In the past, the primary fault line in American politics was whether the government or the private sector should play the key role in bringing prosperity to all. Liberals, of course, see government involvement as a solution to fighting povertry and increasing social mobility while Conservatives feel that if government would only get out of the way and lower taxes, the economy will boom and everyone will have an opportunity to succeed.

This question is still important but it now must share the spotlight with a broader question concerning America's relationship with the rest of the world. The term "Globalization" has recently taken on a pejoritve meaning but for purposes of this discussion, I'll define the question as simply "Is globalization good for America?"

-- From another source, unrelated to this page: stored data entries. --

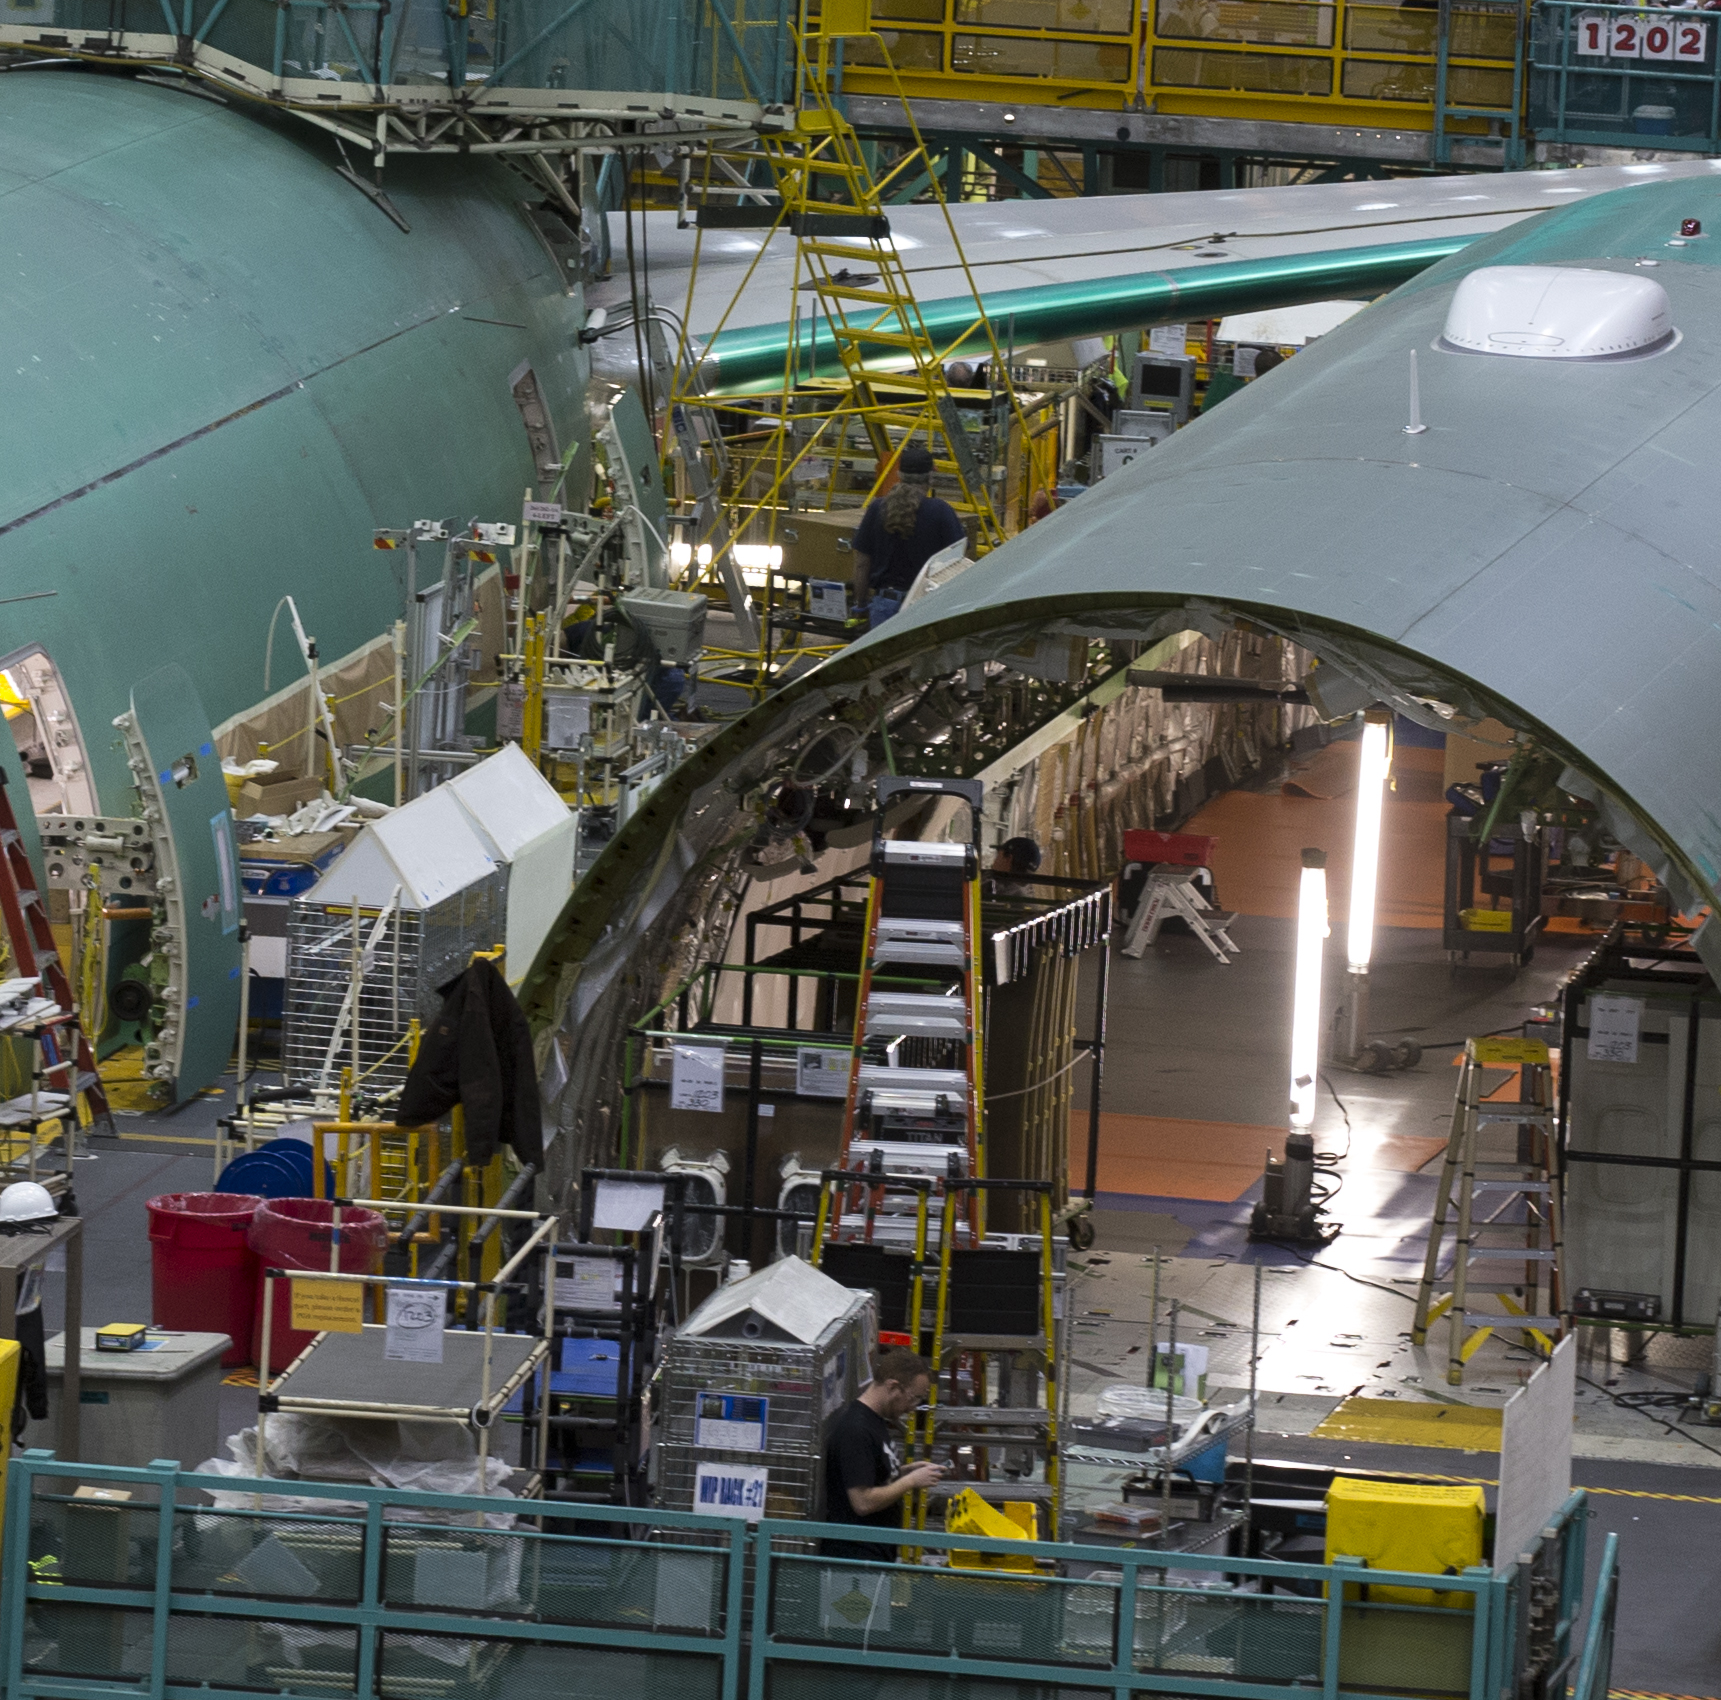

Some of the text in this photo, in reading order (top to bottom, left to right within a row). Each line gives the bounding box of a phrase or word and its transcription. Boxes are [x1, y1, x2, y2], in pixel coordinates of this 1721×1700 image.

[1585, 22, 1702, 56] 1202
[1114, 447, 1131, 455] CART
[906, 1131, 943, 1142] TITAN
[719, 1477, 745, 1506] RACK
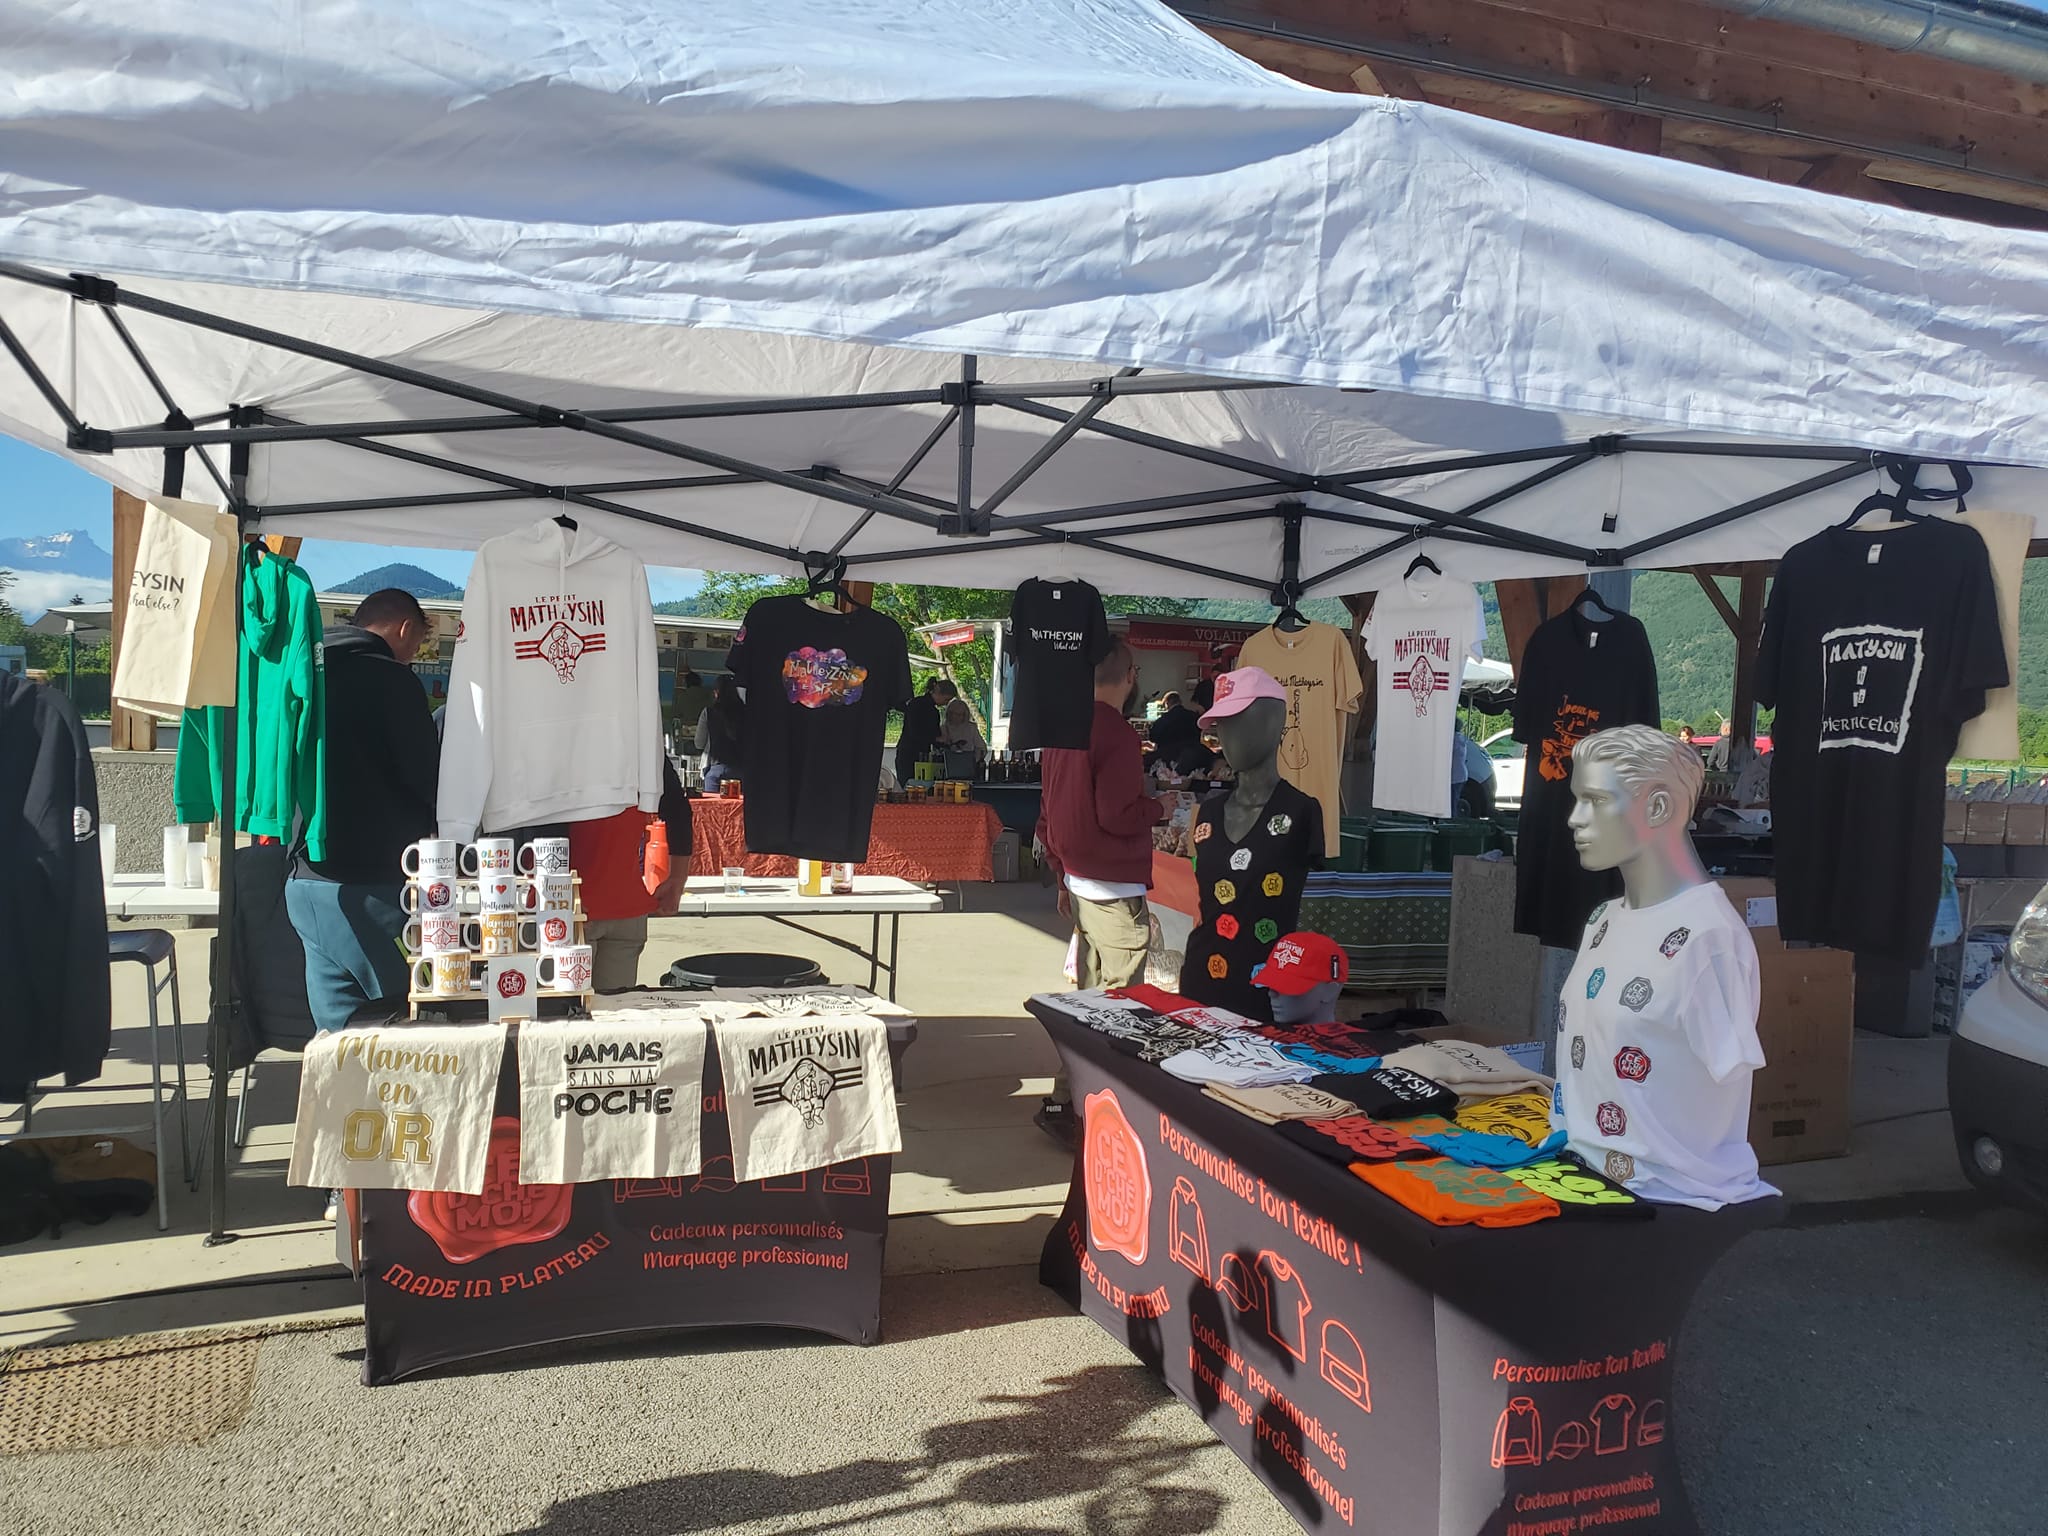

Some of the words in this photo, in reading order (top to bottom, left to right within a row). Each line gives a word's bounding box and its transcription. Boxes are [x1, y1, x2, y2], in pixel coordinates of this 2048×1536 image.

[130, 593, 151, 608] hat
[153, 596, 180, 611] else?
[1394, 638, 1451, 662] MATHEYSINE
[1830, 639, 1906, 664] MATYSIN
[777, 1030, 791, 1040] LE
[792, 1025, 825, 1038] PETIT
[336, 1034, 465, 1076] Maman
[563, 1041, 663, 1065] JAMAIS
[378, 1080, 417, 1105] en
[569, 1069, 615, 1087] SANS
[629, 1068, 654, 1084] MA
[554, 1088, 673, 1119] POCHE
[341, 1109, 434, 1165] OR
[1257, 1178, 1288, 1228] ton
[650, 1223, 726, 1242] Cadeaux
[733, 1220, 844, 1241] personnalisés
[381, 1263, 459, 1298] MADE
[463, 1280, 493, 1298] IN
[499, 1232, 612, 1294] PLATEAU
[643, 1250, 737, 1271] Marquage
[742, 1246, 849, 1270] professionnel
[1068, 1220, 1096, 1284] MADE
[1097, 1271, 1111, 1301] IN
[1113, 1285, 1172, 1319] PLATEAU
[1493, 1356, 1601, 1383] Personnalise
[1606, 1354, 1629, 1376] ton
[1192, 1313, 1244, 1377] Cadeaux
[1248, 1365, 1347, 1471] personnalisés
[1189, 1345, 1253, 1427] Marquage
[1256, 1414, 1354, 1527] professionnel
[1514, 1491, 1569, 1513] Cadeaux
[1573, 1472, 1655, 1507] personnalisés
[1580, 1498, 1661, 1532] professionnel

On the “yes” side is a peculiar alliance between academic economists, multinational corporations and members of both the Democratic and Republican “Establishments.”  Their view is that a stronger world economy will create expanded stable markets for American products -thus increasing good jobs at home. They are willing to accept imperfect trade deals and short term job losses in certain industries at home if the net long term result is that more Americans will have better paying jobs.   

On the “no” side is also a peculiar alliance between those on the left and the right, who see this argument as nothing more than justification for the big corporations to become more profitable and for the establishment politicians to hold onto power. The "no" folks don't care about economic projections years into the future. They care about today's American factory worker and don't want to sign any trade deal which could cost that factory worker his job.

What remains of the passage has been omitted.